Cultura

Sanremo: testo ironico coi 30 titoli delle canzoni

25
Febbraio 2026
Di Paolo Bozzacchi

La serata era iniziata come una “Magica favola”, ma conoscendo Sanremo sapevo che sarebbe finita in un “Uomo che cade” — metaforico, si spera.

Appena entrato, ho sentito qualcuno gridare “Resta con me”, ma era solo uno che non trovava il guardaroba. Nel frattempo Chiello sospirava “Ti penso sempre”, probabilmente rivolto al catering.

Quando Dargen ha urlato “Ai Ai”, ho capito che qualcosa non andava. Ditonellapiaga ha confermato con un secco “Che fastidio!” guardando i fotografi appollaiati come “Avvoltoi” pronti allo scoop.

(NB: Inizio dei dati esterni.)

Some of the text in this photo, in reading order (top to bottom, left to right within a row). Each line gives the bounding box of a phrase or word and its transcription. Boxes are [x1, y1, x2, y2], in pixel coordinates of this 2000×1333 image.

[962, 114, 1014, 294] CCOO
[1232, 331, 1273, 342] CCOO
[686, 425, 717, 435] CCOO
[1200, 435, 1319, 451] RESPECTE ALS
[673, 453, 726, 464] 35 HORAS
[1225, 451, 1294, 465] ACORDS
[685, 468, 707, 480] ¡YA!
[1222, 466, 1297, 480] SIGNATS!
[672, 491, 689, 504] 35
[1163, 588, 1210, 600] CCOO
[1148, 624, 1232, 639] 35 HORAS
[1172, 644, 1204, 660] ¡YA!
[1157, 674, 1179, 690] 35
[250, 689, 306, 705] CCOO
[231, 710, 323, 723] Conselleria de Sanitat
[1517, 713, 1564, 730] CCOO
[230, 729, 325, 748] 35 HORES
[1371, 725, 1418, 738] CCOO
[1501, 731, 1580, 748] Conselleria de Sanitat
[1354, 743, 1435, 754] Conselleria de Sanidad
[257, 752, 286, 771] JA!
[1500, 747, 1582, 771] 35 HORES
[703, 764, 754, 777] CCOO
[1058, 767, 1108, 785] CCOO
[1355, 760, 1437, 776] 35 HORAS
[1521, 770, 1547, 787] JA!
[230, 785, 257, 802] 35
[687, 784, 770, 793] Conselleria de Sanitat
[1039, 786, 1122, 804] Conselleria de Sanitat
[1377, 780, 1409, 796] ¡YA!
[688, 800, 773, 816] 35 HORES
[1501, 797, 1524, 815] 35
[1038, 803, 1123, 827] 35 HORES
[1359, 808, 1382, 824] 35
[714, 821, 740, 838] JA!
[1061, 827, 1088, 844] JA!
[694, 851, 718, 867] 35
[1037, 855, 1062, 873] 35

Poi è scesa Elettra con un teatrale “Voilà”, mentre Nigiotti spiegava che “Ogni volta che non so volare” prende l’ascensore. Ermal, con aria da favola della buonanotte, sussurrava “Stella stellina”, e Fedez & Masini commentavano che tutto questo è un “Male necessario”.

Renga prometteva “Il meglio di me”, ma Fulminacci inciampava in una “Stupida sfortuna”: microfono spento. J-Ax distribuiva l’“Italia Starter Pack”: pizza fredda, polemica calda e meme pronti.

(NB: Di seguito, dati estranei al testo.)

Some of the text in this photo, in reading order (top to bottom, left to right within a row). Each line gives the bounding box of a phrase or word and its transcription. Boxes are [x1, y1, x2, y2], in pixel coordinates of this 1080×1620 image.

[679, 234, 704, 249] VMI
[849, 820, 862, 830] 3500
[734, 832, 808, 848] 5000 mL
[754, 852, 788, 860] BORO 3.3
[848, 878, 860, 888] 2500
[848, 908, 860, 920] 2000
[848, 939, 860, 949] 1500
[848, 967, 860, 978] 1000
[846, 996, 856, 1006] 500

Nei camerini giravano “Poesie clandestine”, Leo diceva che è tutto “Naturale”, mentre Levante puntava il dito: “Sei tu” che hai finito il fondotinta. Luchè si perdeva nel “Labirinto” dei corridoi, tra tecnici e panini, osservato da Malika e dai suoi “Animali notturni”.

Mara confessava “Le cose che non sai di me”, ma Maria Antonietta & Colombre risolvevano tutto con “La felicità e basta”. Michele garantiva “Prima o poi” vincerò qualcosa, e Nayt lo avvisava: “Prima che” cambino le regole.

Patty trasformava la sala in un’“Opera”, Raf giurava “Ora e per sempre”, mentre Sal Da Vinci rilanciava con “Per sempre sì” come se stessimo firmando un mutuo collettivo.

Samurai Jay cadeva in “Ossessione” per i follower, Sayf dichiarava “Tu mi piaci tanto” al televoto, Serena invitava tutti “Qui con me” sotto il palco, e Tommaso studiava “I romantici” con occhio sociologico.

Alla fine, mentre le luci si spegnevano, ho capito che non era solo un festival: era una terapia di gruppo con orchestra.

E, sorprendentemente, nessuno è caduto davvero. Solo metaforicamente. Come tradizione.